American writer (born 1939)

Thomas Francis McGuane III (born December 11, 1939) is an American writer. His work includes ten novels, short fiction and screenplays, as well as three collections of essays devoted to his life in the outdoors. He is a member of the American Academy of Arts and Letters, the NCHA Members Hall of Fame and the Fly Fishing Hall of Fame. McGuane's papers, manuscripts, and correspondence are located in the Montana State University Archives and Special Collections and are available for research use. In 2023, he was given the first Award for Excellence in Service to the MSU Library for the advancement of scholarship and access to unique materials.

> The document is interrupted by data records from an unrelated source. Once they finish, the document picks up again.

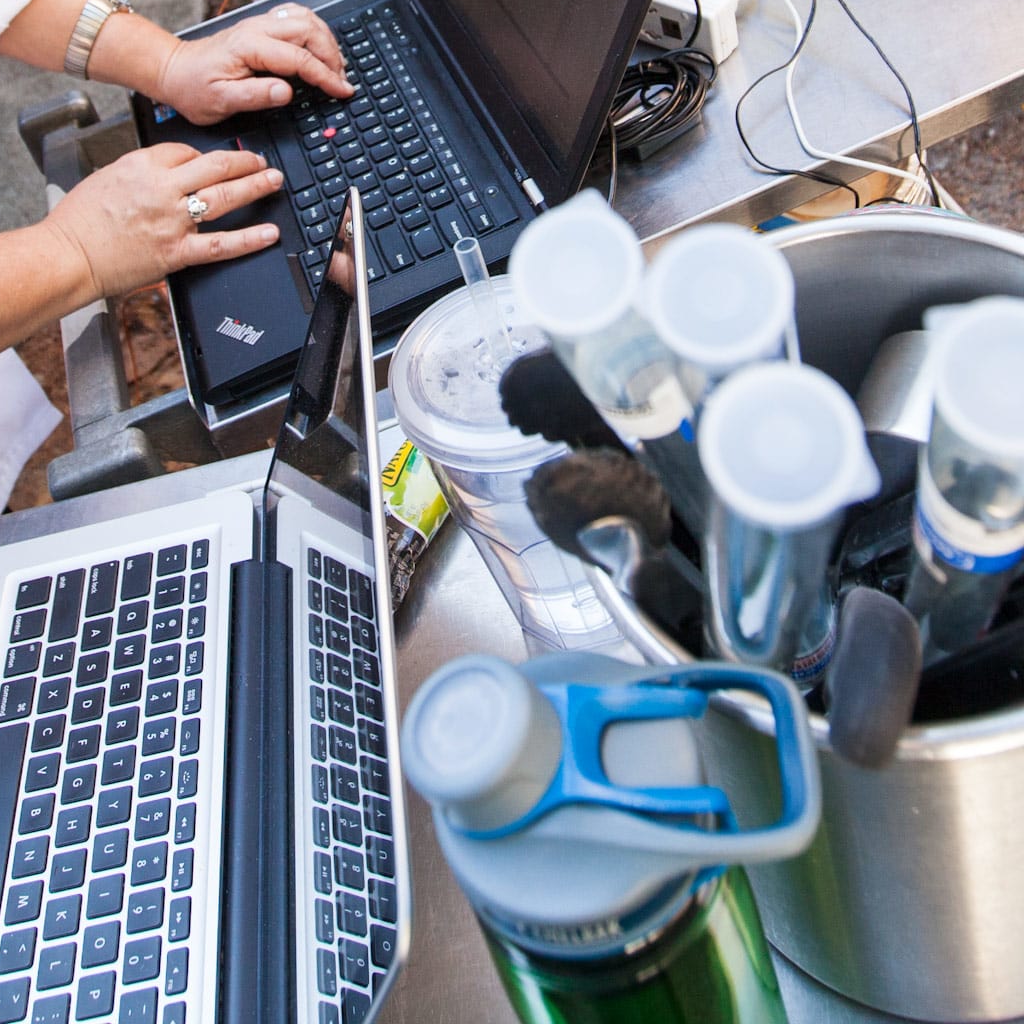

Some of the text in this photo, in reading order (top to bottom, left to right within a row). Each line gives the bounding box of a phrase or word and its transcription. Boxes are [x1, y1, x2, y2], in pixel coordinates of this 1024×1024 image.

[319, 145, 328, 153] N
[326, 160, 335, 169] M
[355, 157, 365, 165] K
[216, 316, 265, 346] ThinkPad
[20, 584, 28, 592] fn
[126, 611, 137, 621] Q
[13, 615, 22, 636] control
[155, 622, 165, 630] 2
[91, 629, 101, 638] A
[124, 645, 134, 655] W
[7, 648, 16, 669] option
[53, 654, 63, 662] Z
[153, 657, 163, 665] 3
[120, 682, 130, 690] E
[48, 689, 58, 699] X
[0, 684, 11, 718] command
[82, 700, 93, 709] D
[116, 720, 127, 728] R
[42, 727, 53, 736] C
[37, 766, 48, 774] V
[143, 773, 153, 781] 6
[72, 778, 83, 788] G
[108, 800, 119, 809] Y
[31, 808, 41, 816] B
[140, 814, 151, 822] 7
[67, 820, 78, 830] H
[103, 843, 115, 854] U
[24, 850, 35, 861] N
[136, 860, 147, 868] 8
[17, 895, 29, 909] M
[132, 906, 143, 914] 9
[55, 910, 67, 922] K
[94, 937, 106, 949] O
[128, 956, 139, 965] 0
[49, 961, 61, 970] L
[89, 989, 101, 1000] P
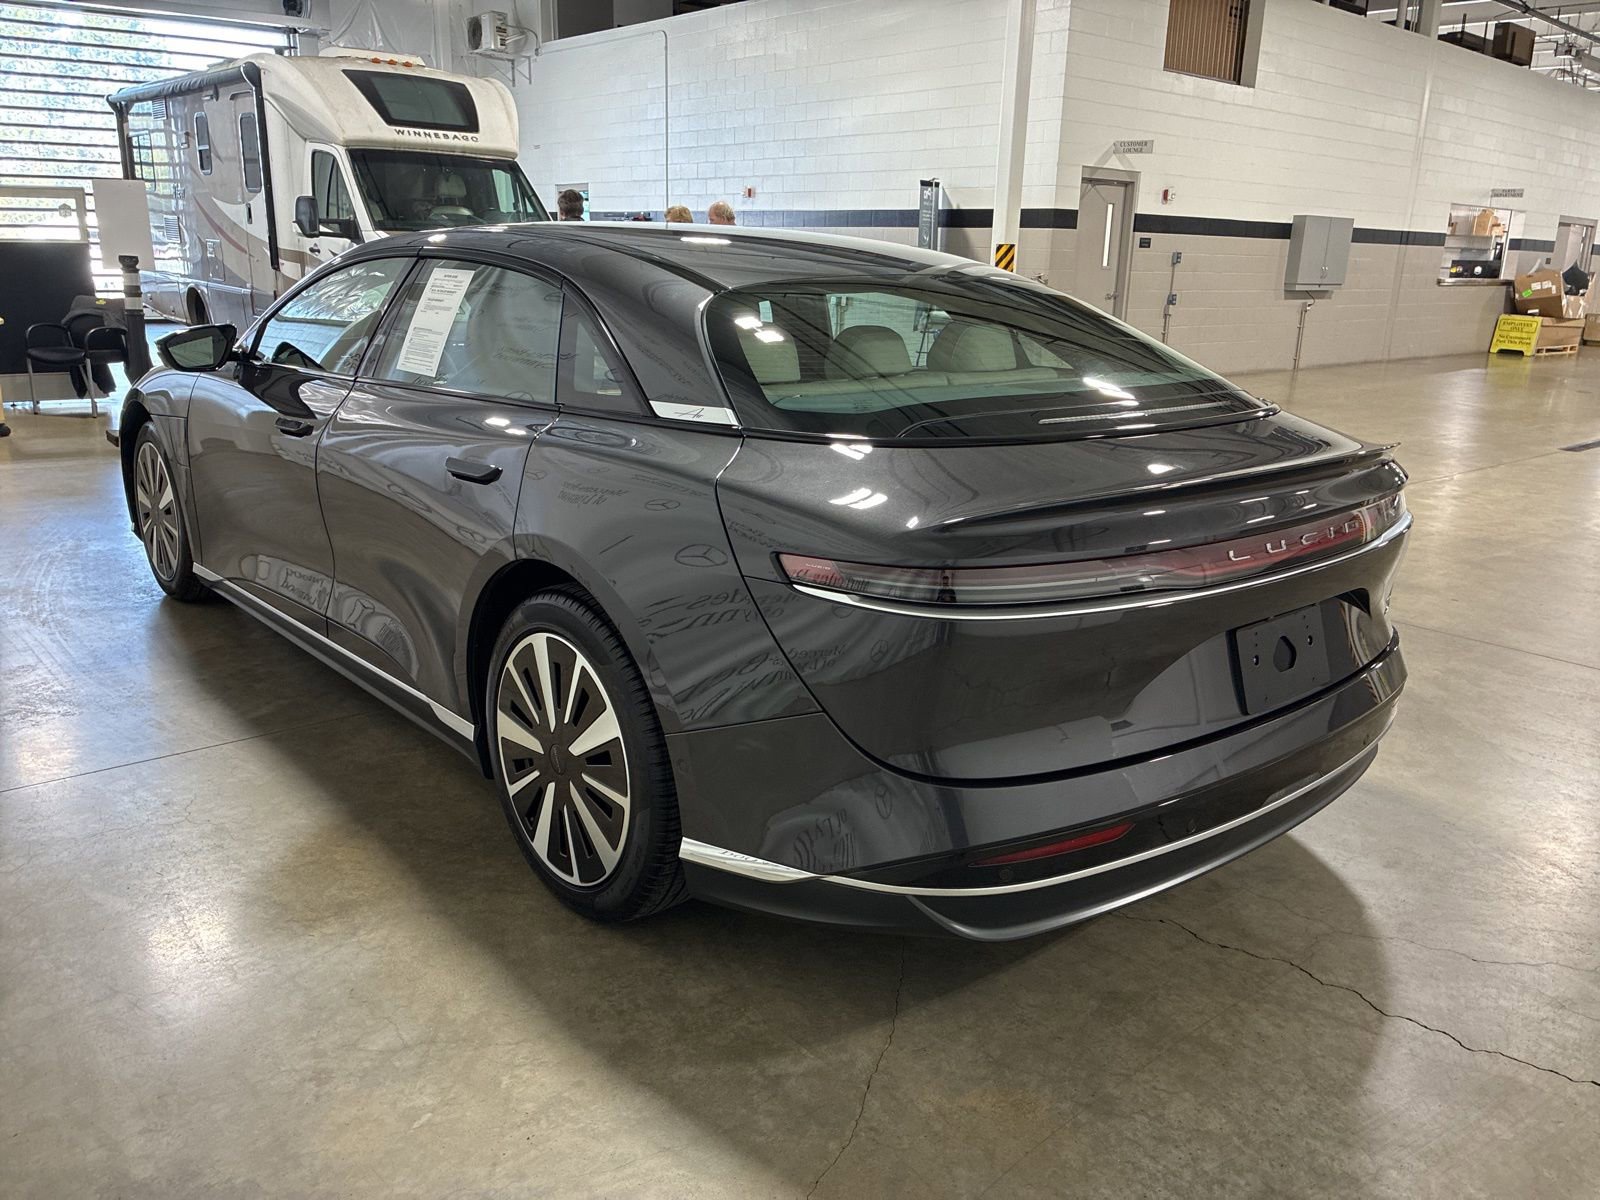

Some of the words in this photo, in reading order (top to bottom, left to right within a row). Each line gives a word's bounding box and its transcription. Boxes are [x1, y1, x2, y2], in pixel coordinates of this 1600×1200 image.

[394, 128, 479, 143] WINNEBAGO
[674, 407, 705, 418] Air
[1228, 521, 1359, 561] LUCID

McGuane's early novels were noted for a comic appreciation for the irrational core of many human endeavors, multiple takes on the counterculture of the 1960s and 1970s. His later writing reflected an increasing devotion to family relationships and relationships with the natural world in the changing American West, primarily Montana, where he has made his home since 1968, and where his last five novels and many of his essays are set. He has three children, Annie, Maggie and Thomas.

==Early life==
McGuane was born in Wyandotte, Michigan, the son of Irish Catholic parents who moved to the Midwest from Massachusetts. His primary education included boarding school at Cranbrook School, but also included work on a ranch in Wyoming, and fishing and hunting. A difficult relationship with his alcoholic father would later shadow much of his fiction. McGuane prefers to consider his roots matrilineal, on which he is descended from a rich storytelling clan.

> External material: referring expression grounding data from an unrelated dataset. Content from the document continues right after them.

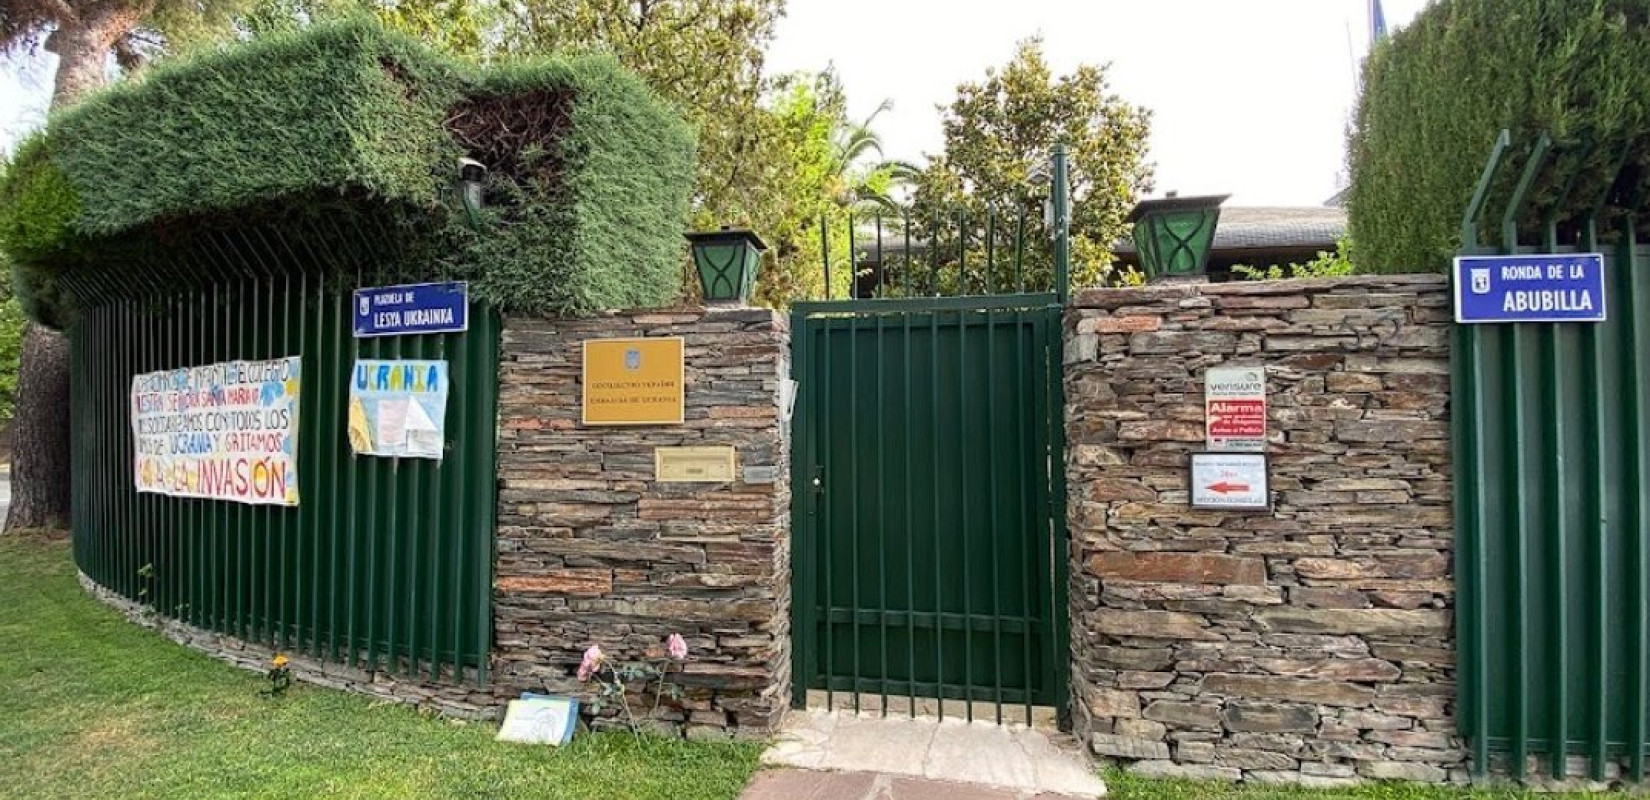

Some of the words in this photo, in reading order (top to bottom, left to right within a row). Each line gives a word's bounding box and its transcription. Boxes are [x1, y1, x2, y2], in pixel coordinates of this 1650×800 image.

[1501, 265, 1542, 281] RONDA
[1547, 264, 1563, 279] DE
[1569, 264, 1585, 279] LA
[405, 291, 415, 304] DE
[1503, 289, 1593, 312] ABUBILLA
[374, 311, 401, 328] LESYA
[404, 308, 454, 326] UKRAINKA
[356, 364, 439, 393] UCRANIA
[1210, 383, 1262, 391] verisure
[1211, 402, 1263, 414] Alarma
[265, 408, 289, 430] LOS
[225, 431, 283, 453] GRITAMOS
[195, 455, 287, 499] INVASIÓN

He envisioned himself as a writer from a very young age, admiring what he perceived as the adventurous life of a writer as much as the prospect of writing. When he was ten years old, he got into a physical altercation with a friend over differing descriptions of a sunset. He began a serious devotion to writing by the age of 16.

==Career==
After briefly attending the University of Michigan and University of Olivet, McGuane graduated from Michigan State University, where he received a BA in English in 1962 and met the writer Jim Harrison. He and Harrison became lifelong friends, bonding over a love for nature. At the Yale School of Drama, where he obtained an MFA in 1965, he studied playwriting and dramatic literature. A Stegner Fellowship to Stanford University in 1966–67 allowed him to finish his first published novel, The Sporting Club, published in 1969.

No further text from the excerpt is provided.